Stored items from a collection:
*-*-*

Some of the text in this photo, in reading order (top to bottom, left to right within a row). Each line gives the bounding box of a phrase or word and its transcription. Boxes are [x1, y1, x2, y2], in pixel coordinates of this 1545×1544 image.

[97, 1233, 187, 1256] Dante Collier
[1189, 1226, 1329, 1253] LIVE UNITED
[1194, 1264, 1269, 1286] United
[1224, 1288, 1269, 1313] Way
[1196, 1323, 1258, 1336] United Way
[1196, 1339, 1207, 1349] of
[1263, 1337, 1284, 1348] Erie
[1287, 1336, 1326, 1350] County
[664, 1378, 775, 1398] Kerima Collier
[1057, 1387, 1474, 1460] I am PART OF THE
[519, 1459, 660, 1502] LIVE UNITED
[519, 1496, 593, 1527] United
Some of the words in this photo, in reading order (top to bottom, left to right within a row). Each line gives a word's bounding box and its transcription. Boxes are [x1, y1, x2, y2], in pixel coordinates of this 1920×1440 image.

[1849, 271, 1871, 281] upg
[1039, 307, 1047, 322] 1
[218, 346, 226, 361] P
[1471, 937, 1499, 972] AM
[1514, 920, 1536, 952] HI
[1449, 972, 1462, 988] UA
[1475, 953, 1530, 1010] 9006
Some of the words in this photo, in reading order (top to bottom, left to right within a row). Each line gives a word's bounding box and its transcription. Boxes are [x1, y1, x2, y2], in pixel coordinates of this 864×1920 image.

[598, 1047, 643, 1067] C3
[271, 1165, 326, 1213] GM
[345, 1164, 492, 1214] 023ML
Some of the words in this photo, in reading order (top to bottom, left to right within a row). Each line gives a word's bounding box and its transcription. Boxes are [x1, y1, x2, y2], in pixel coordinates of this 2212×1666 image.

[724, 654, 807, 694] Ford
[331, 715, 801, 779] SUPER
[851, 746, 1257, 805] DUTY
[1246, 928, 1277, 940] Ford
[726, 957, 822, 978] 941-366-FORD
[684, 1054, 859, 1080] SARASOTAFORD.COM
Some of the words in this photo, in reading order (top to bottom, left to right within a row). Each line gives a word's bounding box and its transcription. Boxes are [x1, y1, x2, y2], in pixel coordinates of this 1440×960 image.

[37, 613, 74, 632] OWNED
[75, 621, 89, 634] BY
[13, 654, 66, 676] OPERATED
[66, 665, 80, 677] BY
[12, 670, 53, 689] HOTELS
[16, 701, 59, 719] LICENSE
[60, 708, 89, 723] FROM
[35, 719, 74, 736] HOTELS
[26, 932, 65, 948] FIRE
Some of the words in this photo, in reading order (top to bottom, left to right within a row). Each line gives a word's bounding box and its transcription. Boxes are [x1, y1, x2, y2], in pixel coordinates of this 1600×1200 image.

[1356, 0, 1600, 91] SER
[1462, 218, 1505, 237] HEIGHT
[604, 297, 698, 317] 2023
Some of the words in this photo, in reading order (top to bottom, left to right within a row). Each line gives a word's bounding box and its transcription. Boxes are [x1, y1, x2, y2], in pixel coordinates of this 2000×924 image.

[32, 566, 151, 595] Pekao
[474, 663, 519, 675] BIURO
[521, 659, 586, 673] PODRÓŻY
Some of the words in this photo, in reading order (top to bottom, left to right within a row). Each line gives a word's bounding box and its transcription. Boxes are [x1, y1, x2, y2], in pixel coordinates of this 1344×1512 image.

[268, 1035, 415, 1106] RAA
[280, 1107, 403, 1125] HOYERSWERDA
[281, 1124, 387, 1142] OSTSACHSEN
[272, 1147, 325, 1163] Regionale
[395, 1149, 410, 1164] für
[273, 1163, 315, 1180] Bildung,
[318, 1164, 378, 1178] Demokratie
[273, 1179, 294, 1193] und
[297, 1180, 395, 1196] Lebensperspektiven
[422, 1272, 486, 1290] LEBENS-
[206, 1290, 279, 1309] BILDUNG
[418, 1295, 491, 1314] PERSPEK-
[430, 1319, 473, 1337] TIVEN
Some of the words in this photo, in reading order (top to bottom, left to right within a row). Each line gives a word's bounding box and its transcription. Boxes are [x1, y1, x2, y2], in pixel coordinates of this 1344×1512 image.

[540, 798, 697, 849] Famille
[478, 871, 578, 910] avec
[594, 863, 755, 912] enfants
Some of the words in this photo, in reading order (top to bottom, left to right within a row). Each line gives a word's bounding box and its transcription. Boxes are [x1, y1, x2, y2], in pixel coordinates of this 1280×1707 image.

*-*-*

_What the task asks_
From top to bottom, repeat the data above without alteration.

_Solution to this problem_
Some of the text in this photo, in reading order (top to bottom, left to right within a row). Each line gives the bounding box of a phrase or word and its transcription. Boxes are [x1, y1, x2, y2], in pixel coordinates of this 1545×1544 image.

[97, 1233, 187, 1256] Dante Collier
[1189, 1226, 1329, 1253] LIVE UNITED
[1194, 1264, 1269, 1286] United
[1224, 1288, 1269, 1313] Way
[1196, 1323, 1258, 1336] United Way
[1196, 1339, 1207, 1349] of
[1263, 1337, 1284, 1348] Erie
[1287, 1336, 1326, 1350] County
[664, 1378, 775, 1398] Kerima Collier
[1057, 1387, 1474, 1460] I am PART OF THE
[519, 1459, 660, 1502] LIVE UNITED
[519, 1496, 593, 1527] United
Some of the words in this photo, in reading order (top to bottom, left to right within a row). Each line gives a word's bounding box and its transcription. Boxes are [x1, y1, x2, y2], in pixel coordinates of this 1920×1440 image.

[1849, 271, 1871, 281] upg
[1039, 307, 1047, 322] 1
[218, 346, 226, 361] P
[1471, 937, 1499, 972] AM
[1514, 920, 1536, 952] HI
[1449, 972, 1462, 988] UA
[1475, 953, 1530, 1010] 9006
Some of the words in this photo, in reading order (top to bottom, left to right within a row). Each line gives a word's bounding box and its transcription. Boxes are [x1, y1, x2, y2], in pixel coordinates of this 864×1920 image.

[598, 1047, 643, 1067] C3
[271, 1165, 326, 1213] GM
[345, 1164, 492, 1214] 023ML
Some of the words in this photo, in reading order (top to bottom, left to right within a row). Each line gives a word's bounding box and its transcription. Boxes are [x1, y1, x2, y2], in pixel coordinates of this 2212×1666 image.

[724, 654, 807, 694] Ford
[331, 715, 801, 779] SUPER
[851, 746, 1257, 805] DUTY
[1246, 928, 1277, 940] Ford
[726, 957, 822, 978] 941-366-FORD
[684, 1054, 859, 1080] SARASOTAFORD.COM
Some of the words in this photo, in reading order (top to bottom, left to right within a row). Each line gives a word's bounding box and its transcription. Boxes are [x1, y1, x2, y2], in pixel coordinates of this 1440×960 image.

[37, 613, 74, 632] OWNED
[75, 621, 89, 634] BY
[13, 654, 66, 676] OPERATED
[66, 665, 80, 677] BY
[12, 670, 53, 689] HOTELS
[16, 701, 59, 719] LICENSE
[60, 708, 89, 723] FROM
[35, 719, 74, 736] HOTELS
[26, 932, 65, 948] FIRE
Some of the words in this photo, in reading order (top to bottom, left to right within a row). Each line gives a word's bounding box and its transcription. Boxes are [x1, y1, x2, y2], in pixel coordinates of this 1600×1200 image.

[1356, 0, 1600, 91] SER
[1462, 218, 1505, 237] HEIGHT
[604, 297, 698, 317] 2023
Some of the words in this photo, in reading order (top to bottom, left to right within a row). Each line gives a word's bounding box and its transcription. Boxes are [x1, y1, x2, y2], in pixel coordinates of this 2000×924 image.

[32, 566, 151, 595] Pekao
[474, 663, 519, 675] BIURO
[521, 659, 586, 673] PODRÓŻY
Some of the words in this photo, in reading order (top to bottom, left to right within a row). Each line gives a word's bounding box and its transcription. Boxes are [x1, y1, x2, y2], in pixel coordinates of this 1344×1512 image.

[268, 1035, 415, 1106] RAA
[280, 1107, 403, 1125] HOYERSWERDA
[281, 1124, 387, 1142] OSTSACHSEN
[272, 1147, 325, 1163] Regionale
[395, 1149, 410, 1164] für
[273, 1163, 315, 1180] Bildung,
[318, 1164, 378, 1178] Demokratie
[273, 1179, 294, 1193] und
[297, 1180, 395, 1196] Lebensperspektiven
[422, 1272, 486, 1290] LEBENS-
[206, 1290, 279, 1309] BILDUNG
[418, 1295, 491, 1314] PERSPEK-
[430, 1319, 473, 1337] TIVEN
Some of the words in this photo, in reading order (top to bottom, left to right within a row). Each line gives a word's bounding box and its transcription. Boxes are [x1, y1, x2, y2], in pixel coordinates of this 1344×1512 image.

[540, 798, 697, 849] Famille
[478, 871, 578, 910] avec
[594, 863, 755, 912] enfants
Some of the words in this photo, in reading order (top to bottom, left to right within a row). Each line gives a word's bounding box and its transcription. Boxes are [x1, y1, x2, y2], in pixel coordinates of this 1280×1707 image.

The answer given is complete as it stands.